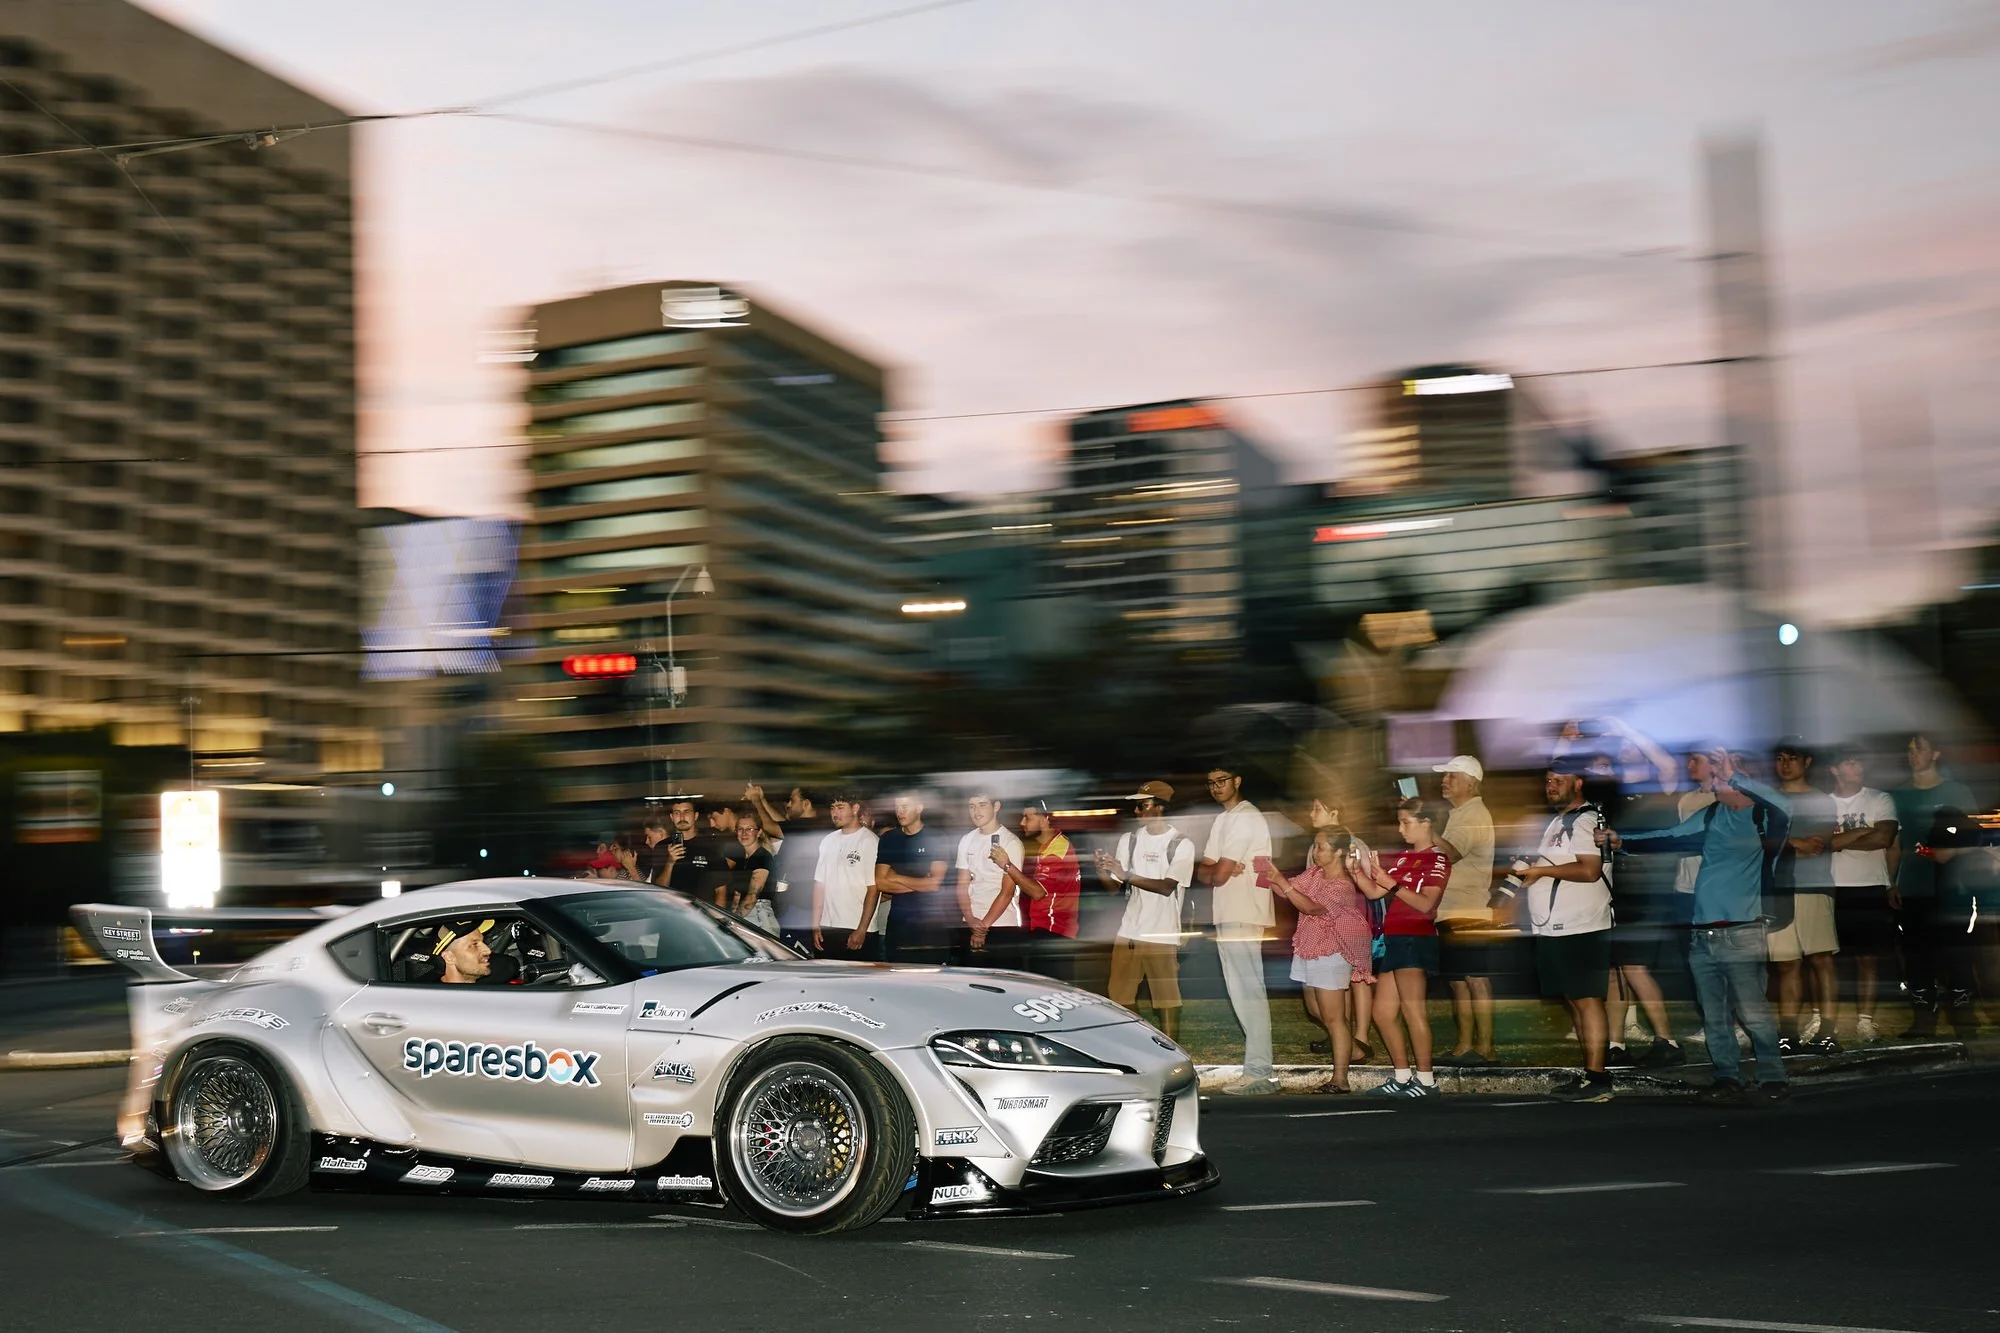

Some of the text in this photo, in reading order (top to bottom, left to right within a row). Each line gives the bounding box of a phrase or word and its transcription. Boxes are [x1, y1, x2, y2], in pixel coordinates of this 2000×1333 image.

[116, 930, 139, 938] STREET
[405, 1038, 599, 1085] sparesbox
[994, 1096, 1049, 1110] TURBOSMART
[936, 1130, 977, 1141] FENIX
[321, 1158, 366, 1169] Haltech
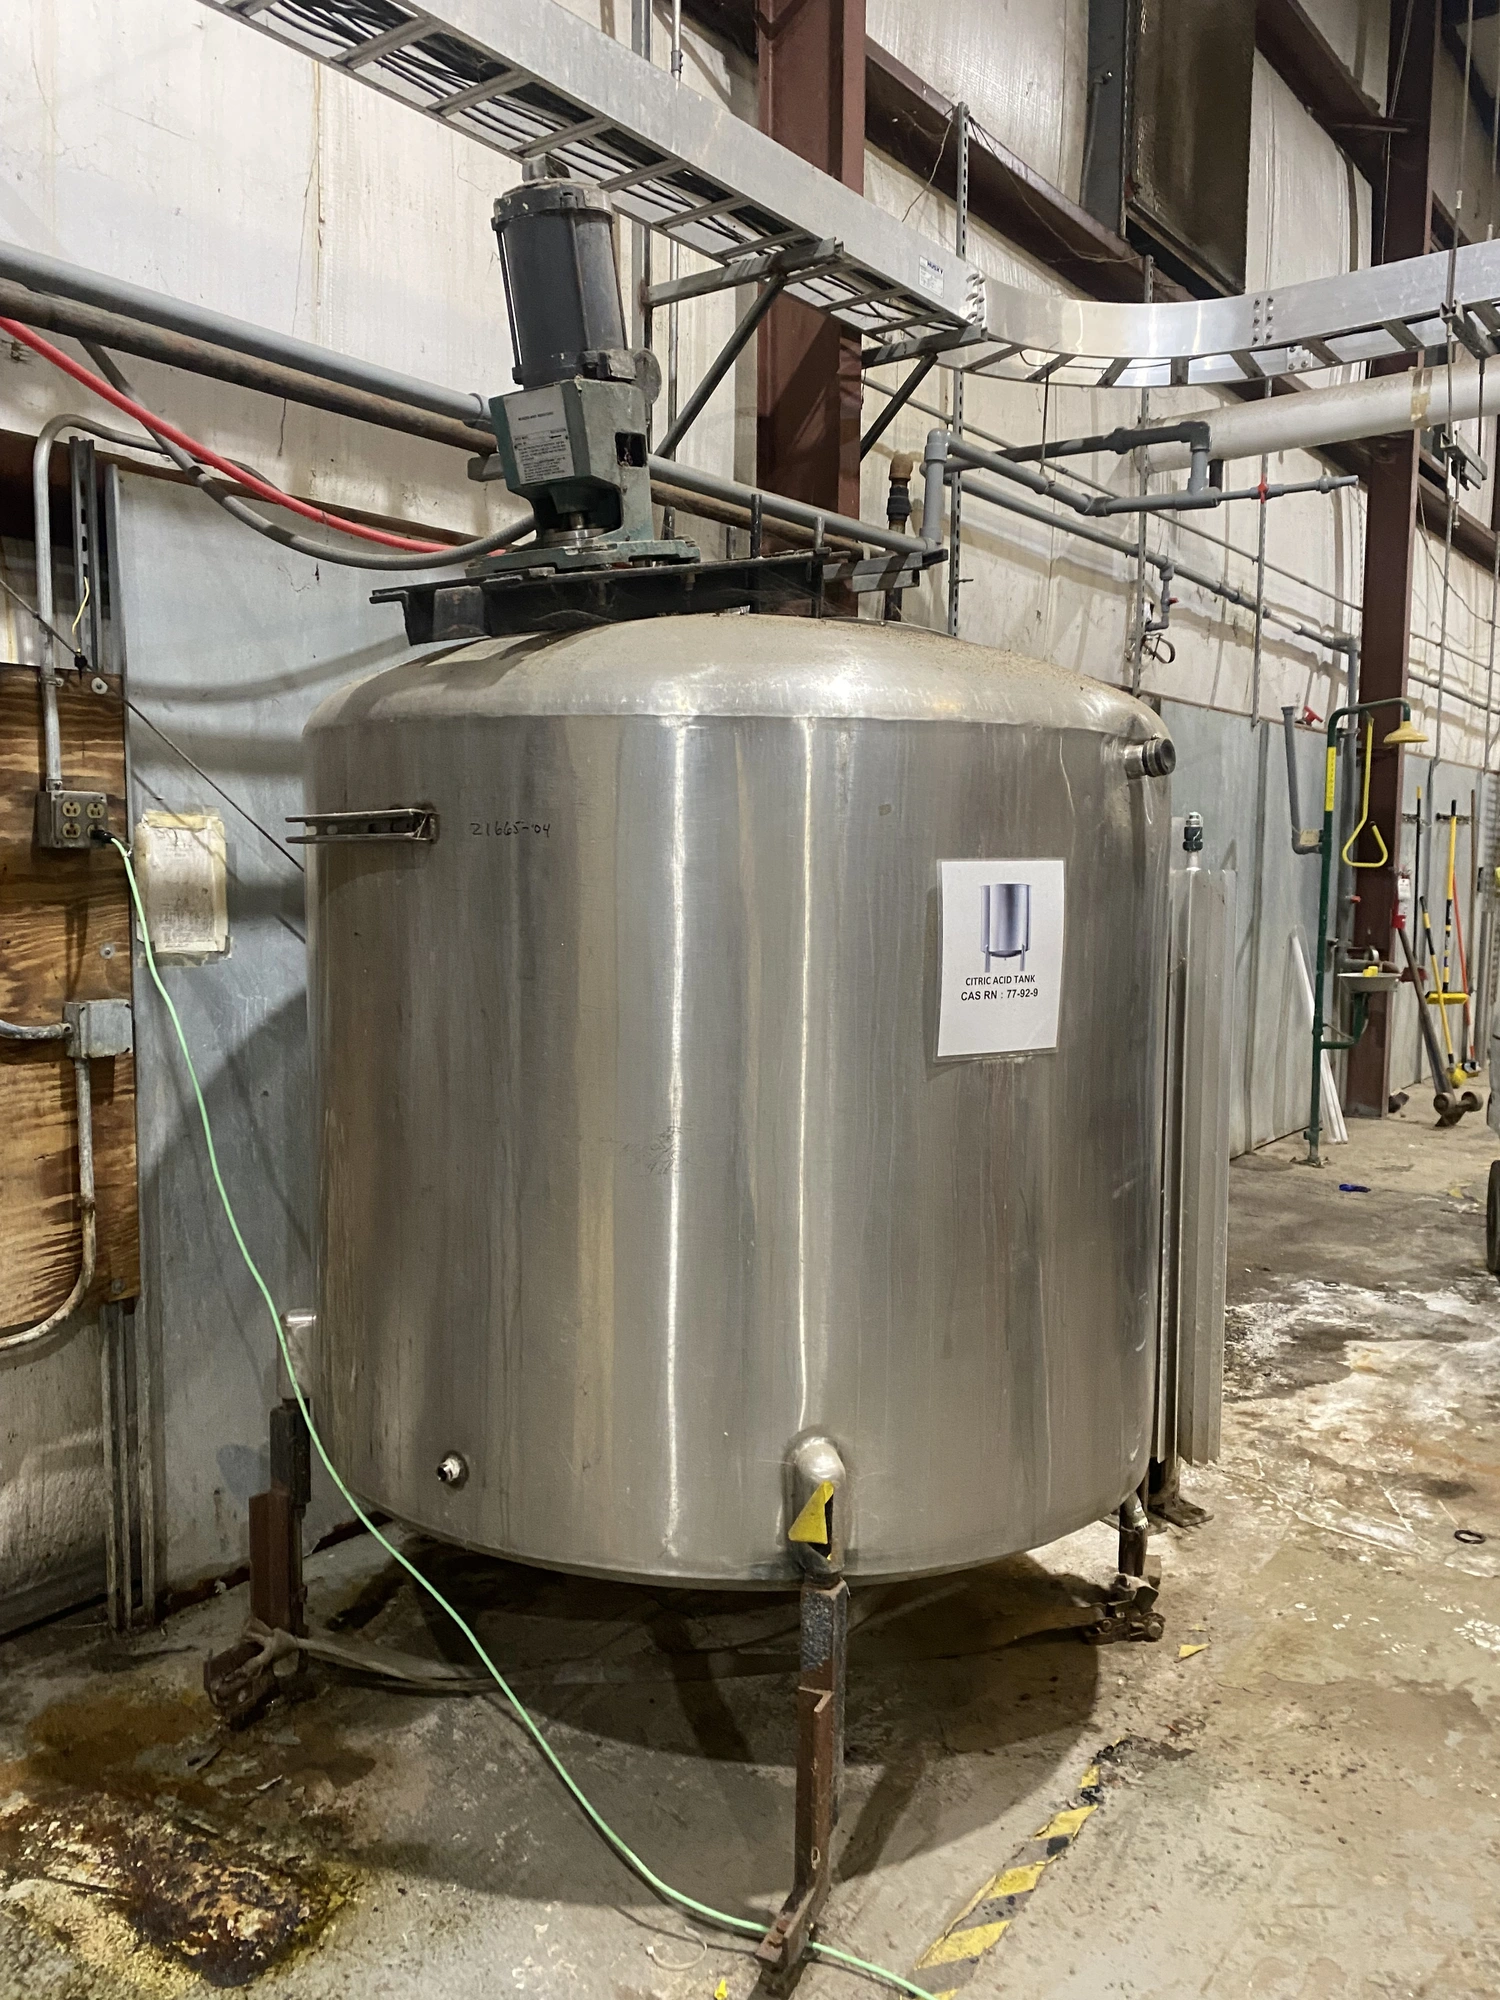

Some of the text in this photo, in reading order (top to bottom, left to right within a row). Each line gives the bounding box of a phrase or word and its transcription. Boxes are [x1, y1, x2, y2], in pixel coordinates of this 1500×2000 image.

[965, 974, 1035, 986] CITRIC ACID TANK
[961, 991, 981, 1001] CAS
[984, 990, 998, 999] RN
[1007, 988, 1038, 999] 77-92-9

_Exercise prompt:_ A word-for-word retyping of every record is required, without the pictures.

_Response to the task:_
Some of the text in this photo, in reading order (top to bottom, left to right within a row). Each line gives the bounding box of a phrase or word and its transcription. Boxes are [x1, y1, x2, y2], in pixel coordinates of this 2000×1333 image.

[116, 930, 139, 938] STREET
[405, 1038, 599, 1085] sparesbox
[994, 1096, 1049, 1110] TURBOSMART
[936, 1130, 977, 1141] FENIX
[321, 1158, 366, 1169] Haltech

Some of the text in this photo, in reading order (top to bottom, left to right within a row). Each line gives the bounding box of a phrase or word and its transcription. Boxes are [x1, y1, x2, y2], in pixel coordinates of this 1500×2000 image.

[965, 974, 1035, 986] CITRIC ACID TANK
[961, 991, 981, 1001] CAS
[984, 990, 998, 999] RN
[1007, 988, 1038, 999] 77-92-9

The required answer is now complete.